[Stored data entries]
————

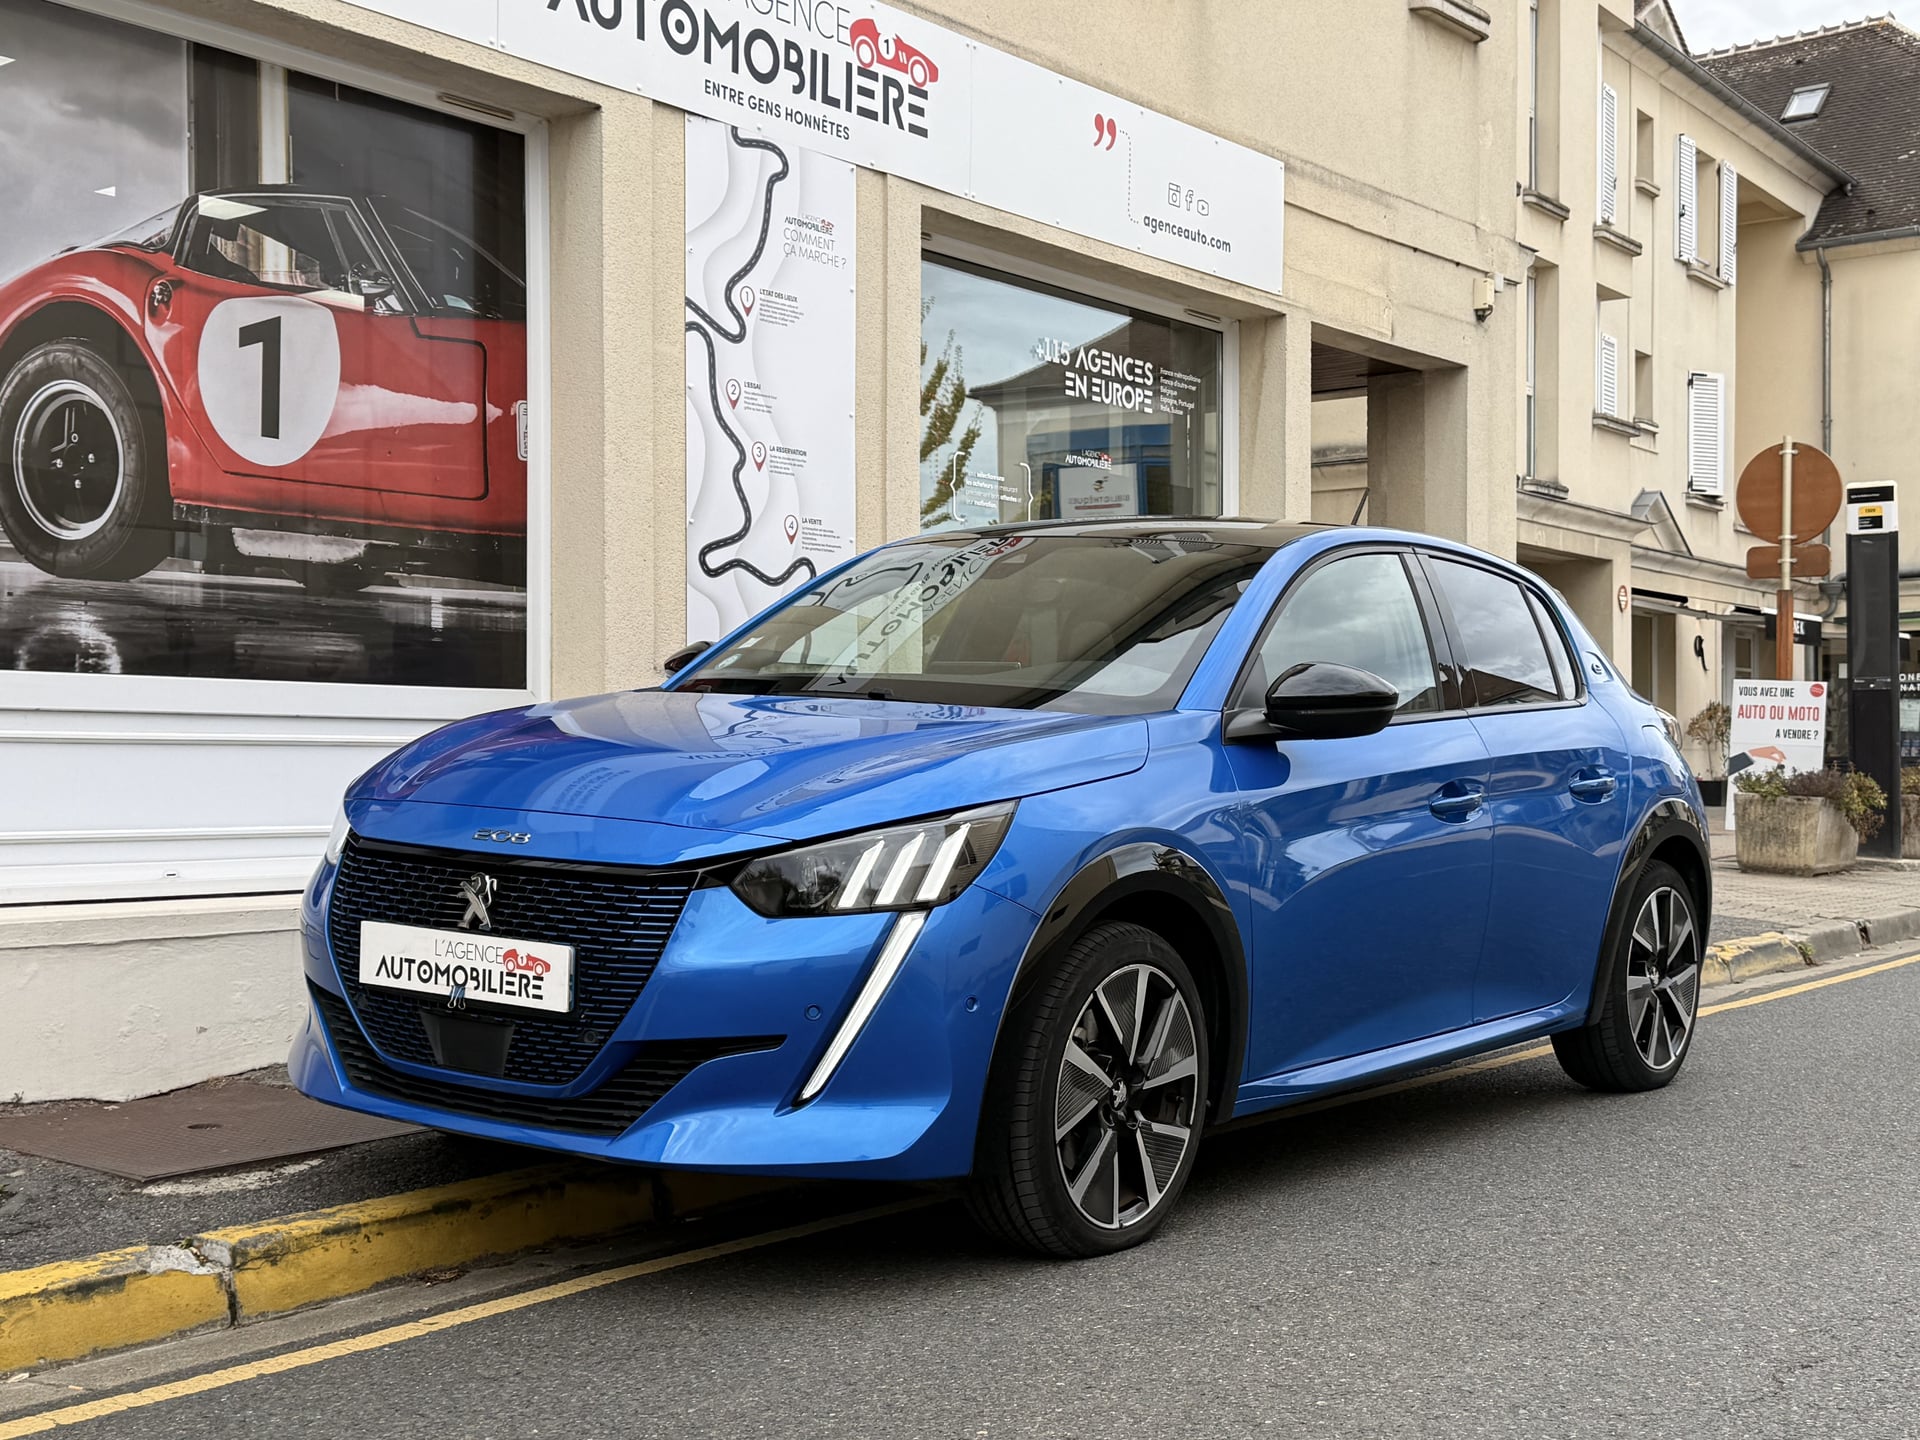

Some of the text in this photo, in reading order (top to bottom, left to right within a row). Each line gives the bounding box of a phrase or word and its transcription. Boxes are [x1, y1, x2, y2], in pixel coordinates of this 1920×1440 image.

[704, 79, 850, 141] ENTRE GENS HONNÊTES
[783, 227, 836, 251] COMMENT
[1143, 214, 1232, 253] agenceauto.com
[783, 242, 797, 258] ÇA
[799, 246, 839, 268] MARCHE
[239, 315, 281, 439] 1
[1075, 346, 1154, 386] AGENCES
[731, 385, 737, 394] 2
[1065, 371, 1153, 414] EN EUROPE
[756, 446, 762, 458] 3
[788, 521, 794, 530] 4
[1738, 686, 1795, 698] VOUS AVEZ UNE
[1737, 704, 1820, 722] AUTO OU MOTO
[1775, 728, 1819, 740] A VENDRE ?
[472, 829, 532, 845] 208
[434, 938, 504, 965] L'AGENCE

————

● What you should do
Could every entry be restated word for word, pictures excluded?

● Exercise result
Some of the text in this photo, in reading order (top to bottom, left to right within a row). Each line gives the bounding box of a phrase or word and its transcription. Boxes are [x1, y1, x2, y2], in pixel coordinates of this 1920×1440 image.

[704, 79, 850, 141] ENTRE GENS HONNÊTES
[783, 227, 836, 251] COMMENT
[1143, 214, 1232, 253] agenceauto.com
[783, 242, 797, 258] ÇA
[799, 246, 839, 268] MARCHE
[239, 315, 281, 439] 1
[1075, 346, 1154, 386] AGENCES
[731, 385, 737, 394] 2
[1065, 371, 1153, 414] EN EUROPE
[756, 446, 762, 458] 3
[788, 521, 794, 530] 4
[1738, 686, 1795, 698] VOUS AVEZ UNE
[1737, 704, 1820, 722] AUTO OU MOTO
[1775, 728, 1819, 740] A VENDRE ?
[472, 829, 532, 845] 208
[434, 938, 504, 965] L'AGENCE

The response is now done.